◆ **THE PROBLEM**
Retype the entries below exactly, dropping the images.

[Dataset entries]
______________________________

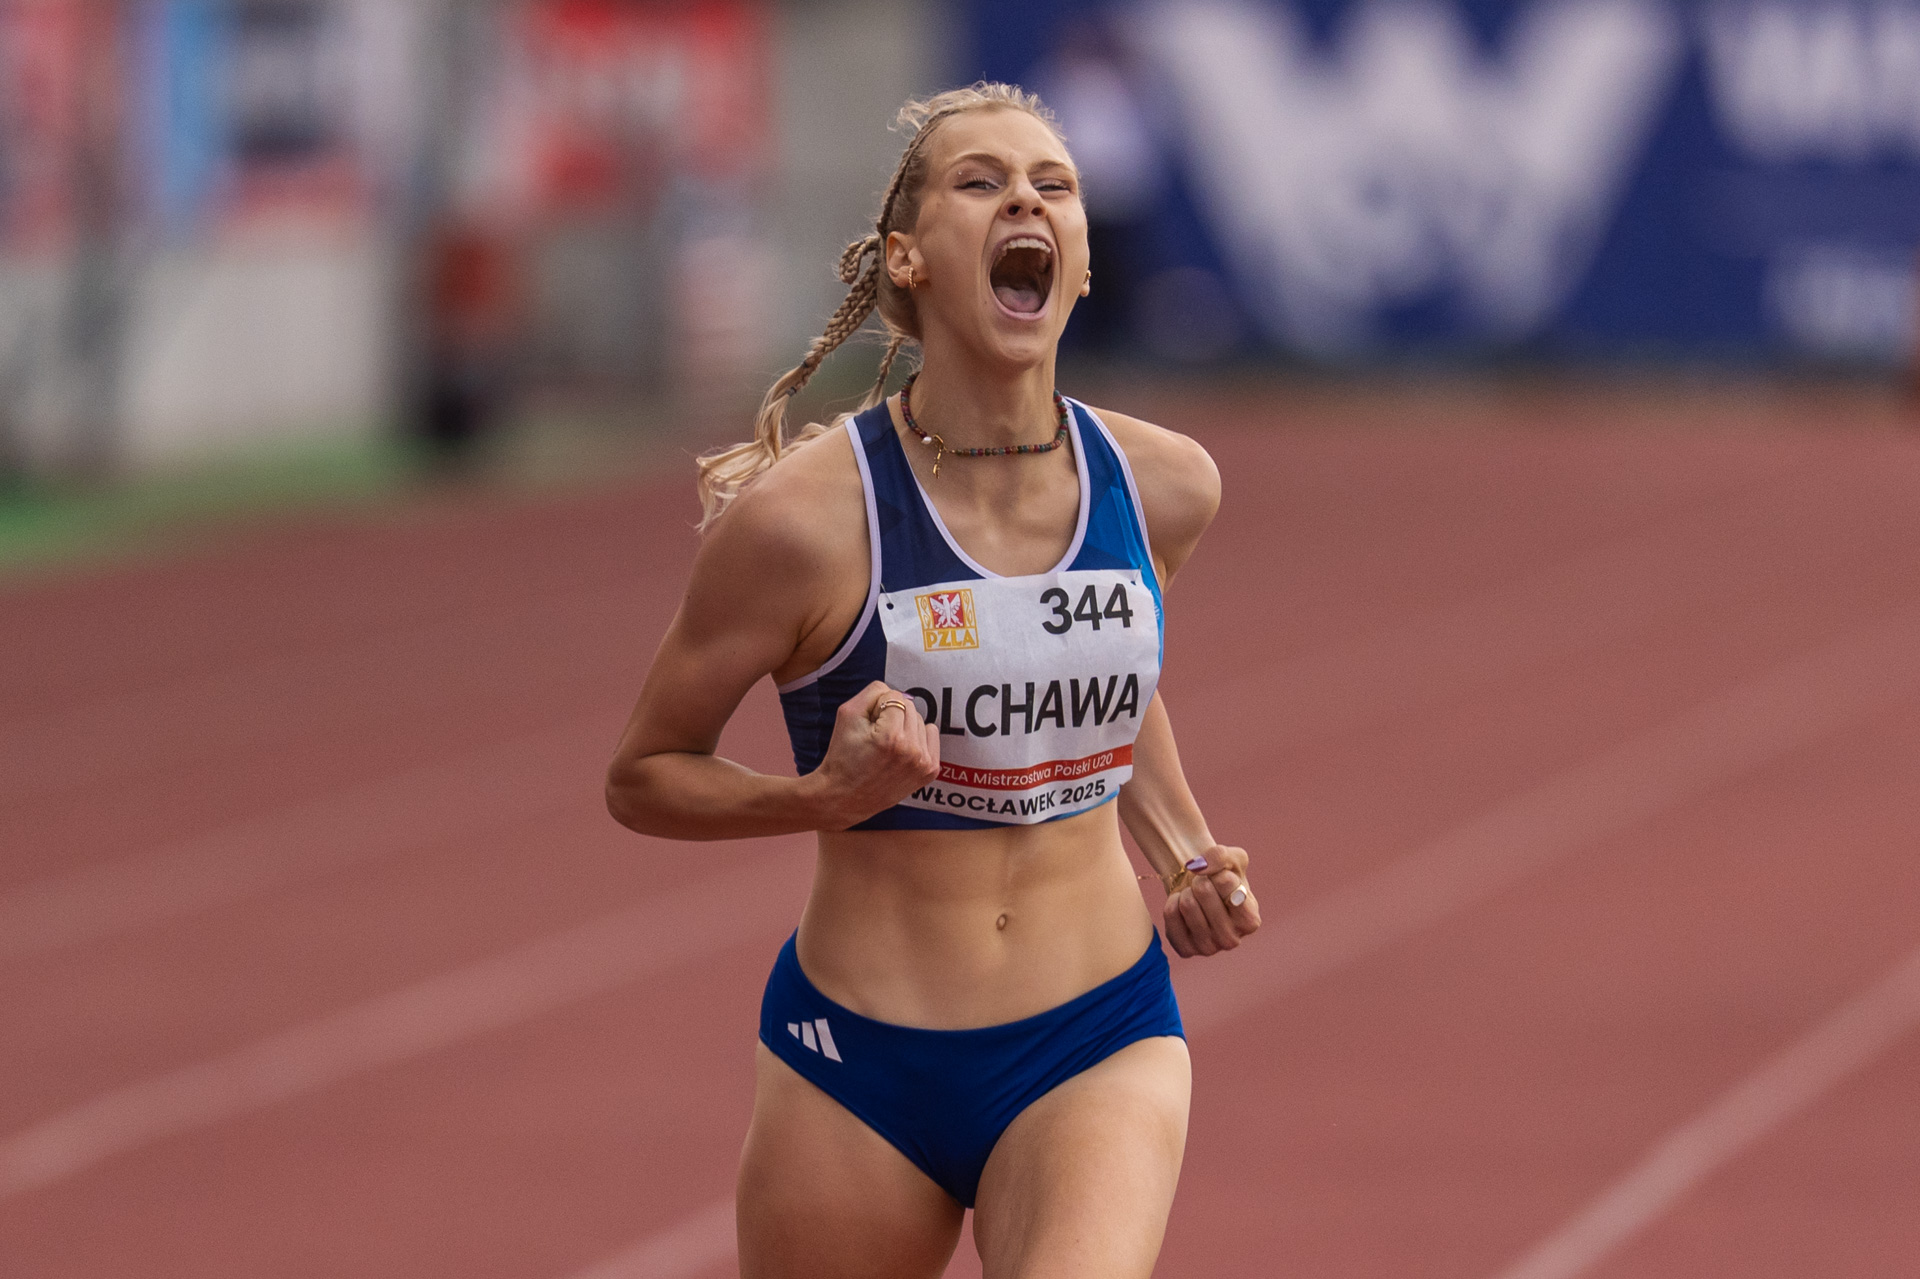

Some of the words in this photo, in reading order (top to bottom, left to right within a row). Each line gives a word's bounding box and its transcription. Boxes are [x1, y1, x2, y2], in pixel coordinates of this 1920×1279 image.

[1039, 583, 1133, 635] 344
[926, 631, 976, 649] PZLA
[973, 768, 1051, 786] Mistrzostwa
[1054, 762, 1090, 777] Polski
[1092, 752, 1113, 770] U20
[911, 786, 1057, 816] WŁOCŁAWEK
[1060, 779, 1106, 805] 2025
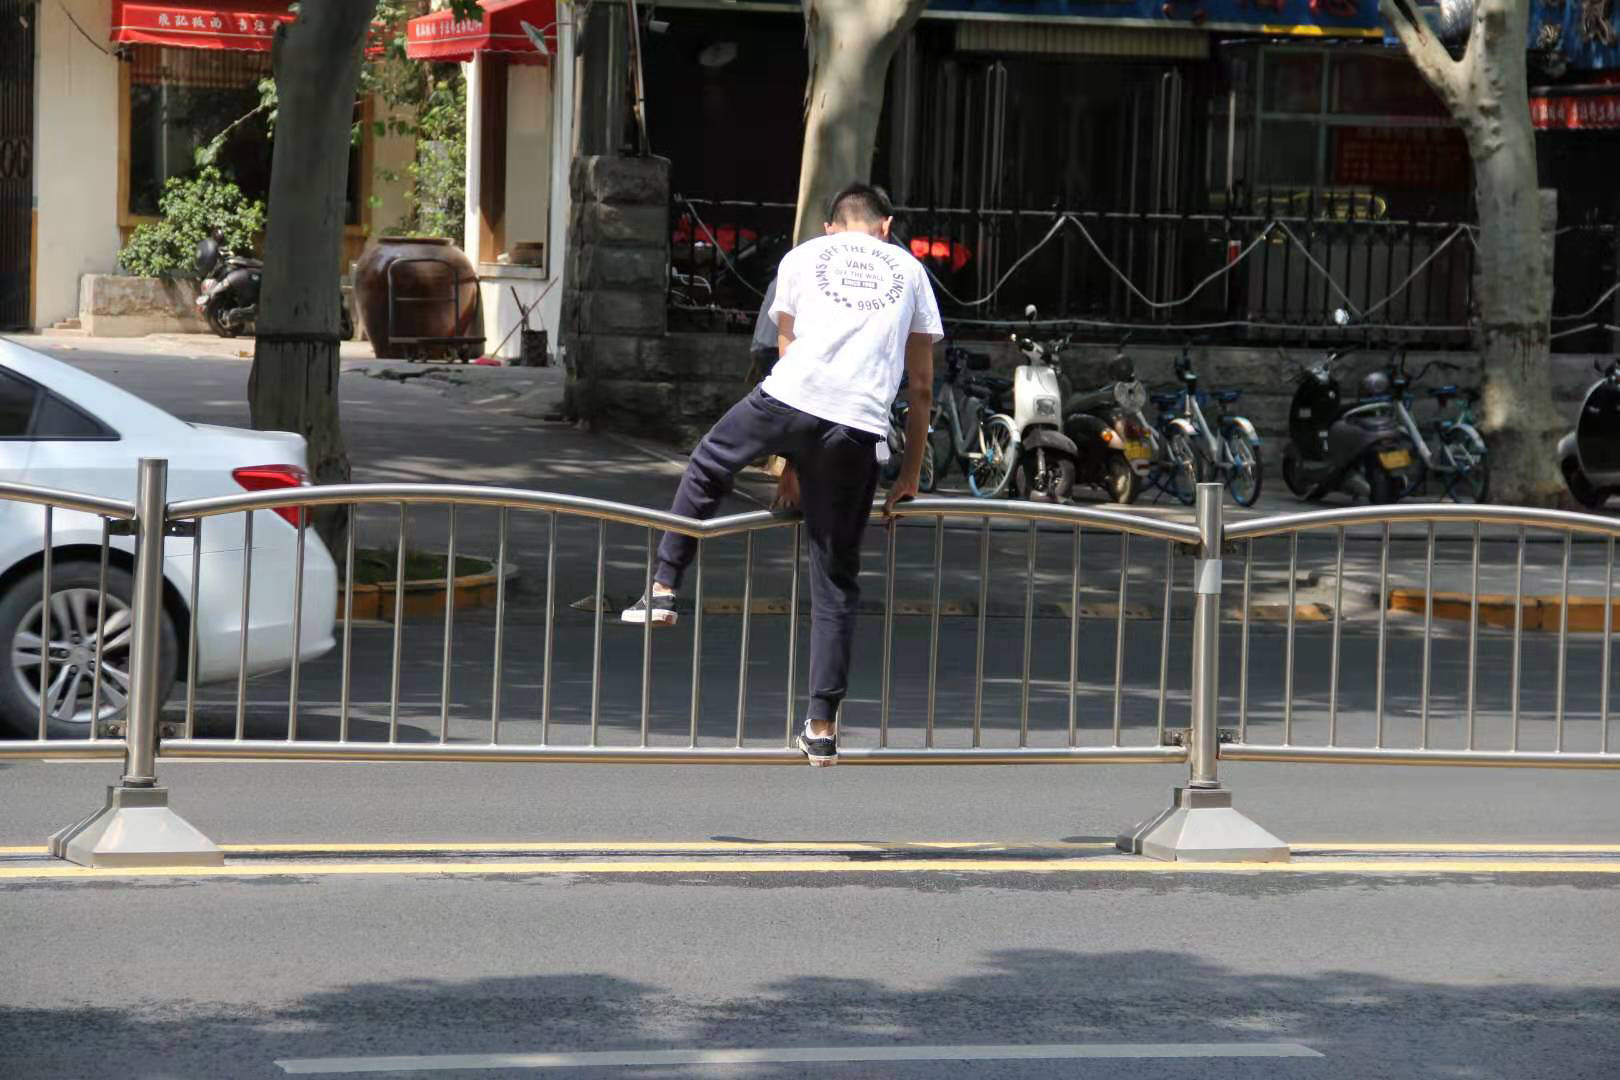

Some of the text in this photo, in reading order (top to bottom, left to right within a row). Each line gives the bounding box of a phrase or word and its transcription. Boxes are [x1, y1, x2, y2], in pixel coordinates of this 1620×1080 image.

______________________________

◆ **RESULT**
Some of the words in this photo, in reading order (top to bottom, left to right within a row). Each line gives a word's bounding box and its transcription. Boxes are [x1, y1, x2, y2], in pixel coordinates of this 1920×1279 image.

[1039, 583, 1133, 635] 344
[926, 631, 976, 649] PZLA
[973, 768, 1051, 786] Mistrzostwa
[1054, 762, 1090, 777] Polski
[1092, 752, 1113, 770] U20
[911, 786, 1057, 816] WŁOCŁAWEK
[1060, 779, 1106, 805] 2025

Some of the text in this photo, in reading order (top to bottom, left to right within a row). Each line gives the bounding box of a phrase or word and its transcription. Boxes are [x1, y1, x2, y2], in pixel coordinates of this 1620×1080 image.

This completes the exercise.